Sekretaris Eksekutif Bidang Kesaksian dan Keutuhan Ciptaan, Persekutuan Gereja-Gereja di Indonesia (PGI), Pdt. Jimmy Sormin mengaku khawatir Program Food Estate yang dijalankan pemerintah hanya akan menguntungkan segelintir kelompok saja. Sehingga program ini akan hanya akan menjadi suatu kebohongan yang akan menciptakan kebohongan lain serta mencitakan dosa berulang dengan daya rusak yang semakin bertambah.

"Berangkat pula dari kegagalan proyek nasional jauh sebelumnya di Kalimantan dan Papua. Melihat sejumlah persoalan ini rekomendasi kami bagi pemerintah dan pihak terkait adalah perlu untuk melihat dan mengkaji program ini, kiranya semangat memberdayakan petani tidak berubah menjadi memperdaya petani dan memperdaya anggaran negara," kata Pdt. Jimmy.

Baru-baru ini, Bupati Humbang Hasundutan (Humbahas) Dosmar Banjarnahor mengakui, food estate di wilayahnya panen dengan hasil yang belum maksimal. Pasalnya hasil panen di food estate terganggu intensitas curah hujan yang cukup tinggi.

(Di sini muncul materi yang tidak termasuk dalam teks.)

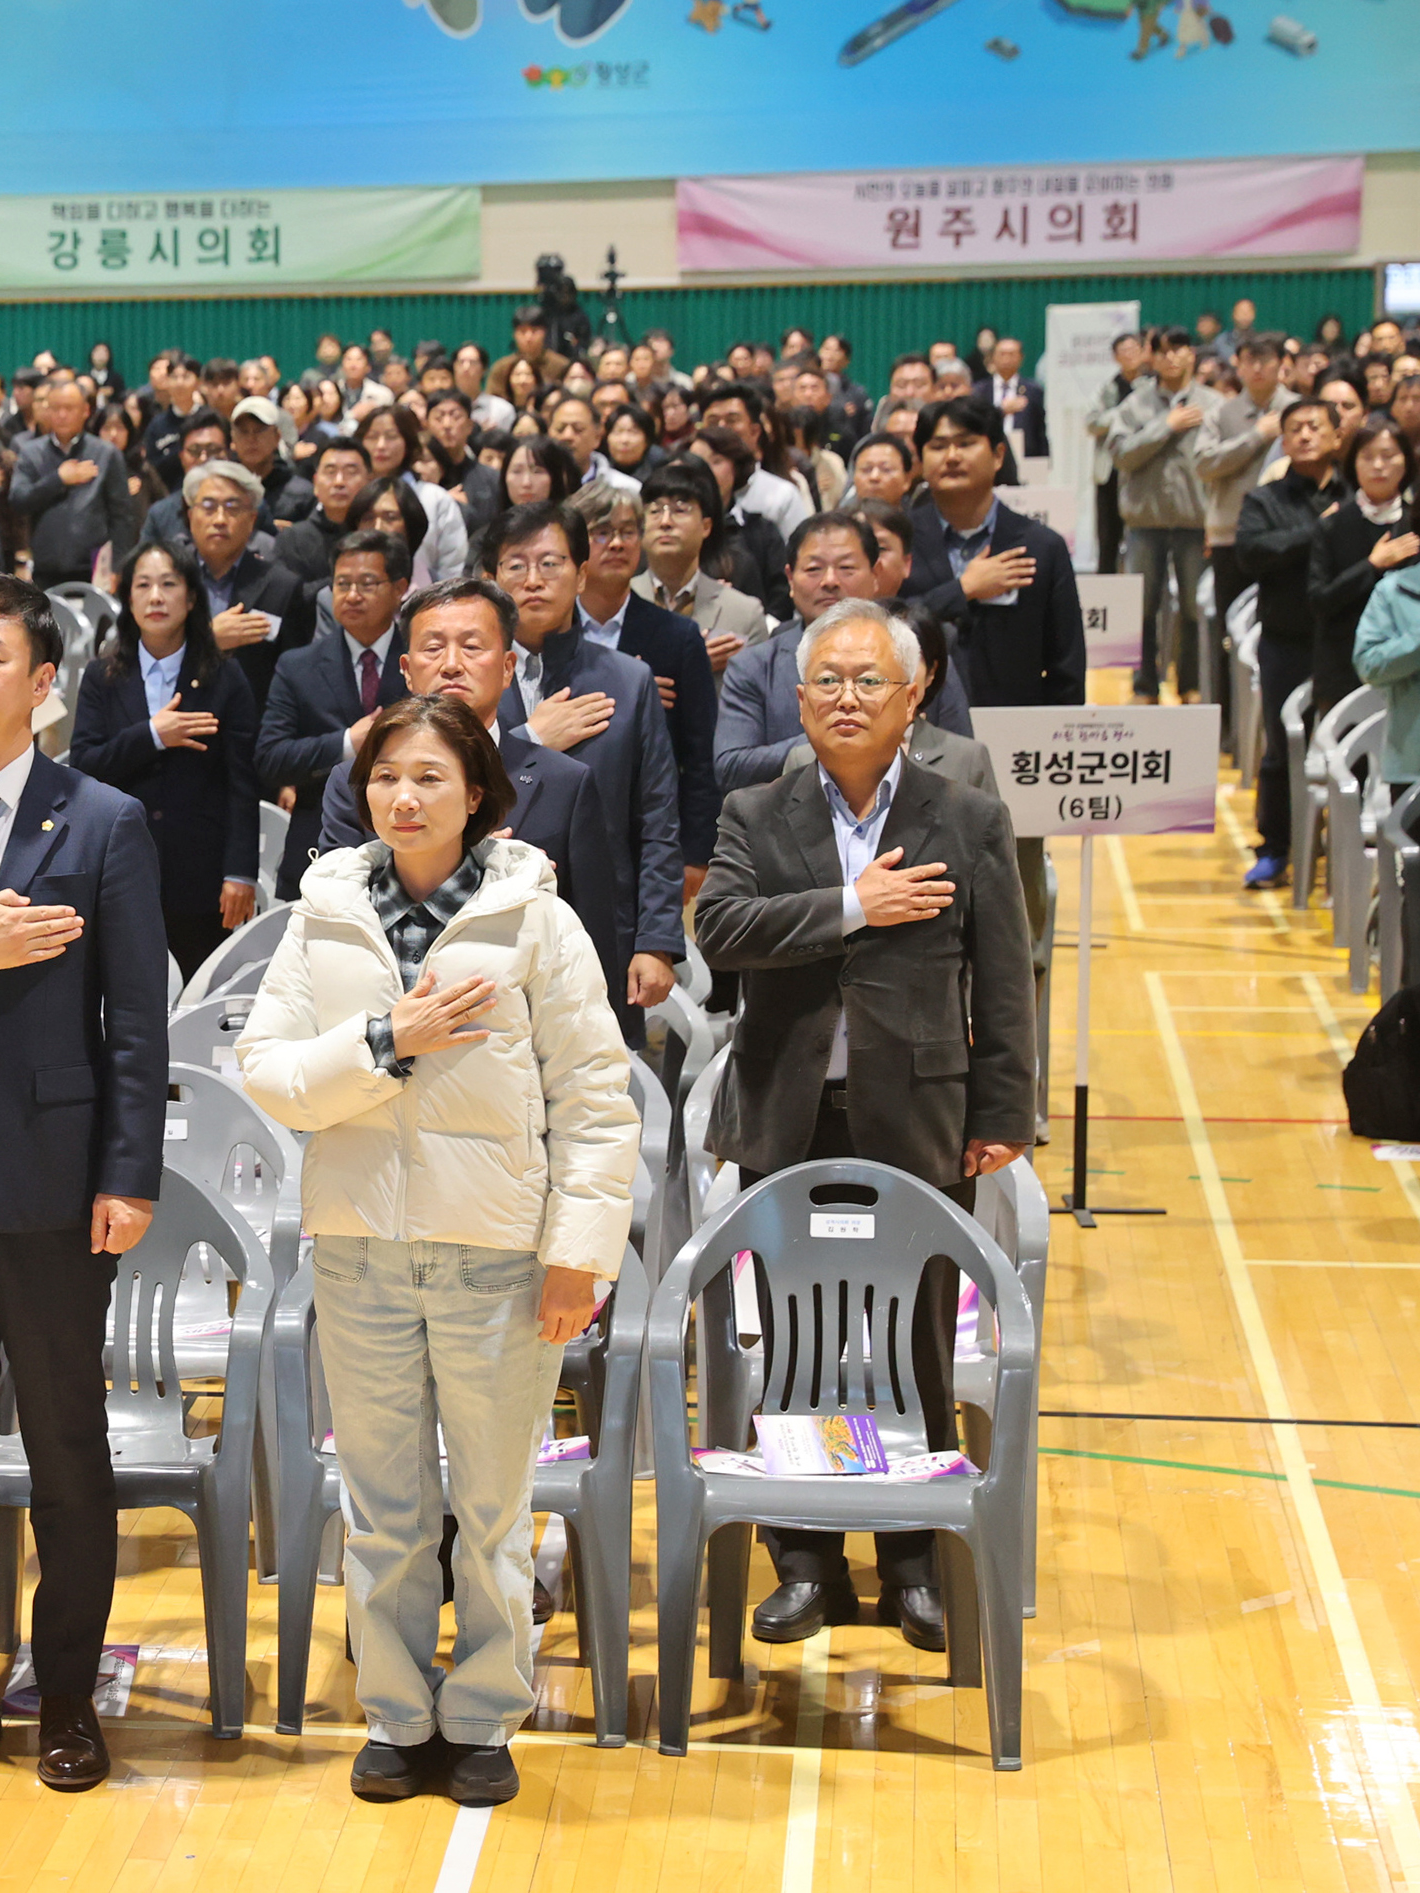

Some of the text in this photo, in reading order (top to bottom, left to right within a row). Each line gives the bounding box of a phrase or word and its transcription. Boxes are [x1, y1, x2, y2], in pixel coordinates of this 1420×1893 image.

"Namun cukup berhasil," kata dia dikutip dari Antara, Ahad lalu.

Adapun food estate di Humbahas, di tahap awal seluas 215 hektare sudah diolah. Pengembangan tanaman bawang merah, bawang putih dan kentang. Komoditas itu ditanam karena menjadi salah satu yang menjadi pemicu inflasi.